- **WHAT IS NEEDED**: Nothing should be left out when you copy the entries below.

═══ RECORDS TO USE ═══

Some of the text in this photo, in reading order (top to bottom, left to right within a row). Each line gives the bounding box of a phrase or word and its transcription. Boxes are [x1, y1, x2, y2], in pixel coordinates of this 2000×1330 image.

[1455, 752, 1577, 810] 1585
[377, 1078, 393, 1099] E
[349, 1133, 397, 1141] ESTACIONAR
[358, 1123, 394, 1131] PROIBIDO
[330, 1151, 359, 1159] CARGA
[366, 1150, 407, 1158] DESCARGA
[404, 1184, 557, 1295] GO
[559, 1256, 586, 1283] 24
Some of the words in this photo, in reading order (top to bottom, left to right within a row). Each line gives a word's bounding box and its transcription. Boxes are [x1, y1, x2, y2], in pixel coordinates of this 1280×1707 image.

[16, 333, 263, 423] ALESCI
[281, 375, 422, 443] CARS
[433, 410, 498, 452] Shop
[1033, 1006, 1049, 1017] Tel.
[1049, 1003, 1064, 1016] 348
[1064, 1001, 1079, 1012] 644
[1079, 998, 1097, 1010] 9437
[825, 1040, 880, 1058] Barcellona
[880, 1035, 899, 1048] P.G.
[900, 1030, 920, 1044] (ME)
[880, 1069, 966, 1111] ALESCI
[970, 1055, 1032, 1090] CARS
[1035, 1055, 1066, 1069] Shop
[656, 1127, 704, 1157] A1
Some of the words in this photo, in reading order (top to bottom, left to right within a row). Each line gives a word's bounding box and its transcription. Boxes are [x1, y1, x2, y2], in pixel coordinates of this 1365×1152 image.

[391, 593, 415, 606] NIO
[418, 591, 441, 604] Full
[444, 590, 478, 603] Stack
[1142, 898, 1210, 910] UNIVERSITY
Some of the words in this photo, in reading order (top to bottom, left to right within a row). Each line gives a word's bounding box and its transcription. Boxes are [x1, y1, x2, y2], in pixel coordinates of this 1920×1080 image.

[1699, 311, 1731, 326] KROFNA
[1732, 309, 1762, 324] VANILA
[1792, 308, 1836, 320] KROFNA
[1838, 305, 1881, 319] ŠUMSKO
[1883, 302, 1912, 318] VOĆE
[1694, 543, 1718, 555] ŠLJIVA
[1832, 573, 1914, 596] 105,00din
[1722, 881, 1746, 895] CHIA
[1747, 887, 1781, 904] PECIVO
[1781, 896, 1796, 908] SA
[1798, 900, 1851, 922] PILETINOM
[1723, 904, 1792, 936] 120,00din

═══

- **TASK RESULT**:
Some of the text in this photo, in reading order (top to bottom, left to right within a row). Each line gives the bounding box of a phrase or word and its transcription. Boxes are [x1, y1, x2, y2], in pixel coordinates of this 2000×1330 image.

[1455, 752, 1577, 810] 1585
[377, 1078, 393, 1099] E
[349, 1133, 397, 1141] ESTACIONAR
[358, 1123, 394, 1131] PROIBIDO
[330, 1151, 359, 1159] CARGA
[366, 1150, 407, 1158] DESCARGA
[404, 1184, 557, 1295] GO
[559, 1256, 586, 1283] 24
Some of the words in this photo, in reading order (top to bottom, left to right within a row). Each line gives a word's bounding box and its transcription. Boxes are [x1, y1, x2, y2], in pixel coordinates of this 1280×1707 image.

[16, 333, 263, 423] ALESCI
[281, 375, 422, 443] CARS
[433, 410, 498, 452] Shop
[1033, 1006, 1049, 1017] Tel.
[1049, 1003, 1064, 1016] 348
[1064, 1001, 1079, 1012] 644
[1079, 998, 1097, 1010] 9437
[825, 1040, 880, 1058] Barcellona
[880, 1035, 899, 1048] P.G.
[900, 1030, 920, 1044] (ME)
[880, 1069, 966, 1111] ALESCI
[970, 1055, 1032, 1090] CARS
[1035, 1055, 1066, 1069] Shop
[656, 1127, 704, 1157] A1
Some of the words in this photo, in reading order (top to bottom, left to right within a row). Each line gives a word's bounding box and its transcription. Boxes are [x1, y1, x2, y2], in pixel coordinates of this 1365×1152 image.

[391, 593, 415, 606] NIO
[418, 591, 441, 604] Full
[444, 590, 478, 603] Stack
[1142, 898, 1210, 910] UNIVERSITY
Some of the words in this photo, in reading order (top to bottom, left to right within a row). Each line gives a word's bounding box and its transcription. Boxes are [x1, y1, x2, y2], in pixel coordinates of this 1920×1080 image.

[1699, 311, 1731, 326] KROFNA
[1732, 309, 1762, 324] VANILA
[1792, 308, 1836, 320] KROFNA
[1838, 305, 1881, 319] ŠUMSKO
[1883, 302, 1912, 318] VOĆE
[1694, 543, 1718, 555] ŠLJIVA
[1832, 573, 1914, 596] 105,00din
[1722, 881, 1746, 895] CHIA
[1747, 887, 1781, 904] PECIVO
[1781, 896, 1796, 908] SA
[1798, 900, 1851, 922] PILETINOM
[1723, 904, 1792, 936] 120,00din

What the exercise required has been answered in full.